Well, the Devil put his mind to it and thought and then said, surely it would be all right for Lon to stop by his place, for it was on the way anyhow. It was a short walk to Lon’s house, and when they got there Lon started in to wash up and told the Devil to have a seat right there in his old rockin’ chair. Rest a bit for that long journey. Well, no sooner had the Devil sit down that he knowed he was in trouble. He was jammed, stuck tight to that chair. Couldn’ move. And the Devil went to cussin’ and spittin’ and shakin’ and jumpin’, fer he knowed that one more time, he had been took by a mortal. In time, another deal was made. And the Devil were allowed out’n the Chair, and he give Lon another 10 year. And with a puff a smoke and a smell that was none too nice, the Devil was gone.
The next 10 years of Lon’s life went by real fast. Like it was but a minute and the next thing ol’ Lon knowed was that the Devil was in his shop and in his face a’foamin’ at the mouth telling Lon it were time to go. “No more tricks Lon, no more jobs to finish or stops to freshen up – nothing. Now pack up and let’s go right now.” And with that the Devil took Lon by the arm and out the door they went.
They had been on their journey when Lon noted he were thirsty and the Devil agreed he was too. Lon said he knowed a place where he could get a “cold drank,” but he turned his pockets out to show the Devil he were broke flatter than Hassle’s bustle. But Lon had a plan. He look at the Devil and said, “Sir, I know how powerful ya’ are and I know you can be anything you need to be to steal a man’s mortal soul. And I got an idee.” Lon explained to the Devil that if’n he were to change into two thin dimes, Lon could go in and by’em each a “cold drank.” And soon as he left the place with them dranks the Devil could change into a butterfly or moth and fly outta that change drawer in the store and come outside to where Lon would be a’watin’. Then they’d have their “cold dranks” and be on their way.

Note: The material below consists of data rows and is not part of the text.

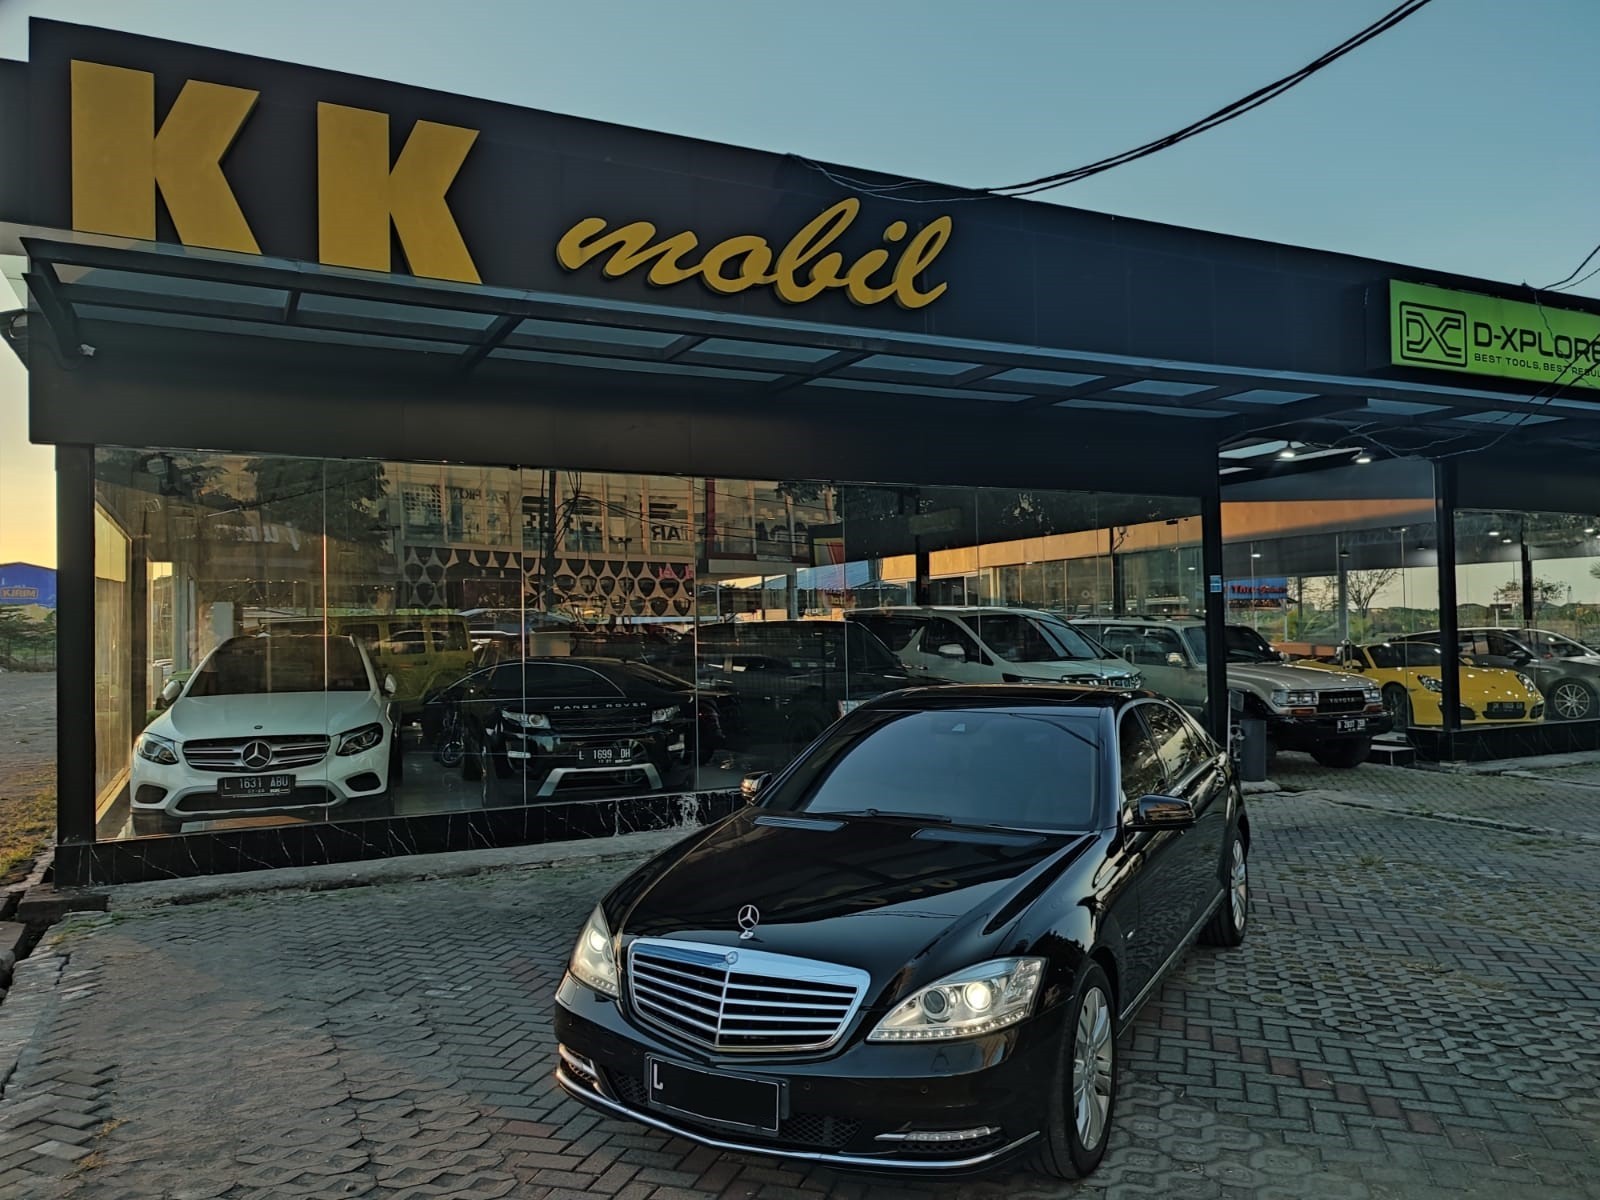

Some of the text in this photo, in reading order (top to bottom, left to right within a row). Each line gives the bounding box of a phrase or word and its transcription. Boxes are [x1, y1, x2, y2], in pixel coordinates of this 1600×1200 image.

[556, 197, 952, 309] mobil
[1474, 352, 1502, 363] BEST
[1505, 357, 1542, 371] TOOLS,
[1543, 362, 1568, 373] BEST
[578, 748, 631, 760] L 1699 DH
[224, 775, 289, 790] L 1631 ABU
[653, 1063, 664, 1090] L

Now the Devil liked this Idee. He could show off his powers, skin a mortal outa some of his due and still take a soul to the underworld. So with a blink he changed into two thin dimes and into Lon’s change purse he went. And as soon has he were in there he knowed, one more time, Lon had tricked him, and for a third time. Now if that ain’t sump’in. Well, the ol’ Devil went to cussin’ and spittin’ and shakin’ and jumpin’, but they was no way he were gonna git out of Lon’s change purse, lesson Lon wanted him out. And Lon weren’t about to take that chance. Lon figured if’n the Devil ever was to get loose he would bring down the wrath on ol’ Lon. So the Devil was forever to stay in that there change purse.

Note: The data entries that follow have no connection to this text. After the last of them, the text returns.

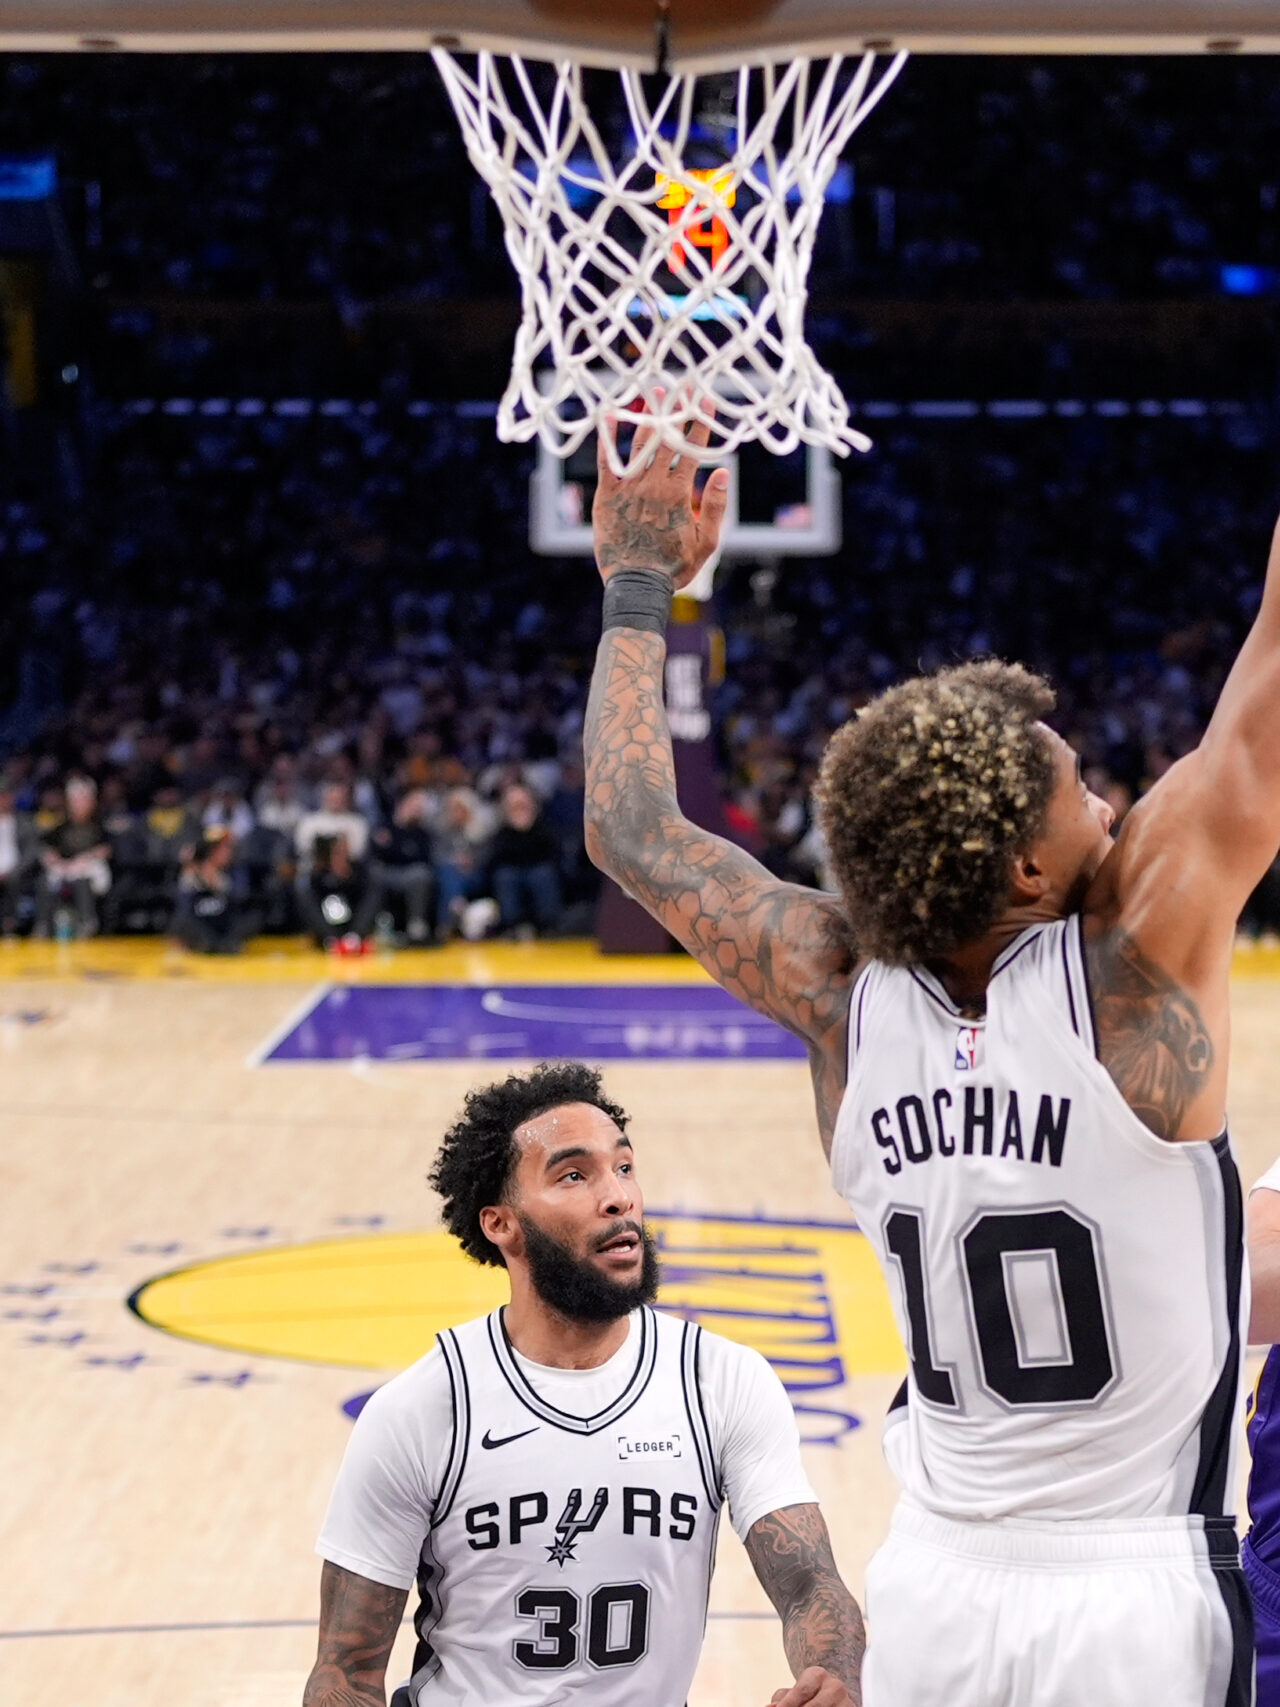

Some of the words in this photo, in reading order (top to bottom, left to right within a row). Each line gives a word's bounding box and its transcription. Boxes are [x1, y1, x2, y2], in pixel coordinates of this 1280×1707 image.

[871, 1086, 1072, 1176] SOCHAN
[880, 1200, 1123, 1416] 10
[626, 1441, 673, 1453] LEDGER
[465, 1487, 698, 1569] SPURS
[512, 1579, 652, 1671] 30

Well, don’cha know that Lon was sooner or later bound to die of natural Causes. Many folks’round here said it was drinkin’. So Lon presents himself to the gates of Heaven and Saint Peter won’t even talk to him. For he had the Devil in his pocket. So then he presents hisself to the gates of Hell, and the harpies can’t lot him in. Fer this is the man what snookered the Devil three times in a row, and they’d need special permission from the boss and he weren’t no wheres to be found. So ol’ Lon is to this day stuck sommers ‘tween Heaven and – you know – down there.
But they’s folks says that you kin see Lon to this day. You know how on a summers night you see lightening but don’t hear no thunder? They call it “heat lightening.” Well, some says that’s just of’ Lon twix Heaven and wherever, with the Devil in his pocket just a’ cussin’ and spittin’ and shakin’ and jumpin’ fer to get out of that change purse.
Now I don’t rightly know, but I tell ya one thang: That’s my story and I stickin’ to it.